Township in Kayin State, Myanmar

Myawaddy (မြဝတီ; เมียวดี; ; ရၤမတံ; မေဝ်ပ္တီ; ဗြဝတဳ) is a town in southeastern Myanmar, in Kayin State, close to the border with Thailand. Separated from the Thai border town of Mae Sot by the Moei River (Thaungyin River), the town is the most important trading point between Myanmar and Thailand. Myawaddy is 170 km east of Mawlamyine, the fourth largest city of Myanmar, and 426 km northwest of Bangkok, the capital of Thailand.

== History ==

In 1997, the Thai–Myanmar Friendship Bridge opened across the Moei River connecting Myawaddy with Mae Sot. An additional border crossing, the second Thai-Myanmar Friendship Bridge, was opened in 2019 to the north west to handle goods traffic.

On 6 August 2010, a bomb exploded in the car park of a crowded market in Myawaddy, killing two men and seriously injuring four others.

On 5 April 2024, during the Myanmar civil war, a combined force of PDF and KNLA fighters captured major military bases on the outskirts of the city. Nearly 500 junta troops surrendered, leaving junta forces in Myawaddy isolated and under pressure. On 10 April 2024, remaining junta forces withdrew from Myawaddy and retreated to the Thai border. The KNLA subsequently took control of the entire township. Later reports indicate the KNLA never took the entire town.

On 24 April, the town was recaptured by Junta forces, after the KNLA was forced to withdraw, after a heavy firefight.

== Economy ==
Myawaddy is home to one of 7 official border trade posts with Thailand and opened on 16 September 1998. In 2022, total trade volume at the border post stood at , making it the second busiest trade port on the Thai-Burmese border after Htikhi.

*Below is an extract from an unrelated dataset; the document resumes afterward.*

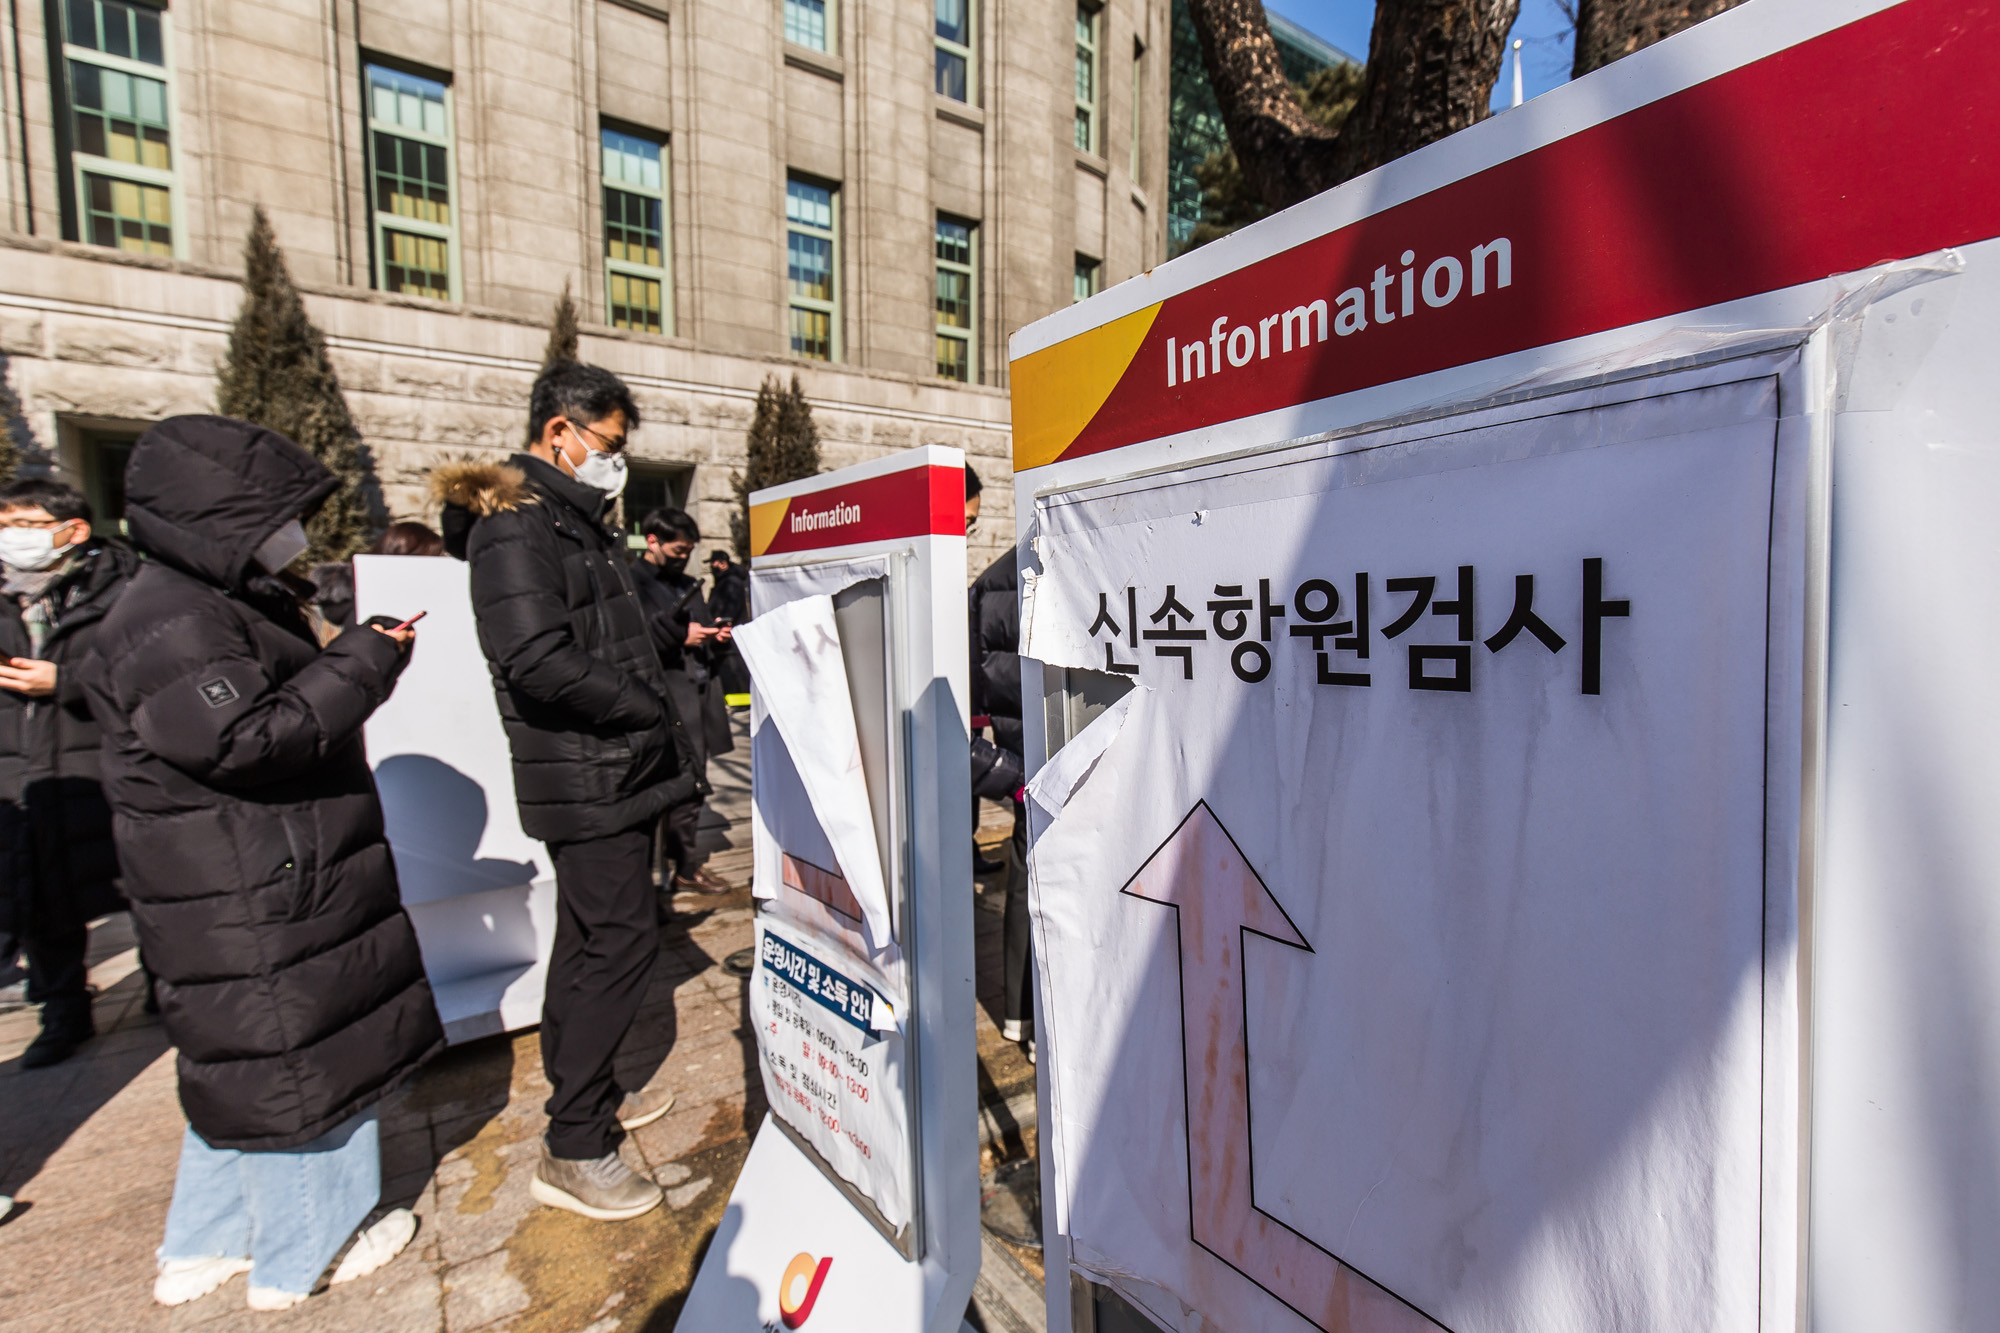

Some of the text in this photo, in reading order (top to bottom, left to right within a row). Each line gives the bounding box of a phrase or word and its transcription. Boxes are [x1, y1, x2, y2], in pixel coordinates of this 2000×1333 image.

The border-crossing is a major route for the export of Myanmar's gems, many of which have their claimed provenance changed once across the border. The India–Myanmar–Thailand Trilateral Highway connection to Myawaddy opened in August 2015.

== Tourism ==
Under an agreement between Thailand and Myanmar governments, travelers who cross the border from Myawaddy-Mae Sot Friendship bridge are allowed to stay in Mae Sot for seven days. The new agreement has been effective from October 2016.

== Crime ==
Since the mid-2010s, Myawaddy has been home to unregulated casinos, which remain illegal in Myanmar. In 2021, Myawaddy was home to at least 18 casinos.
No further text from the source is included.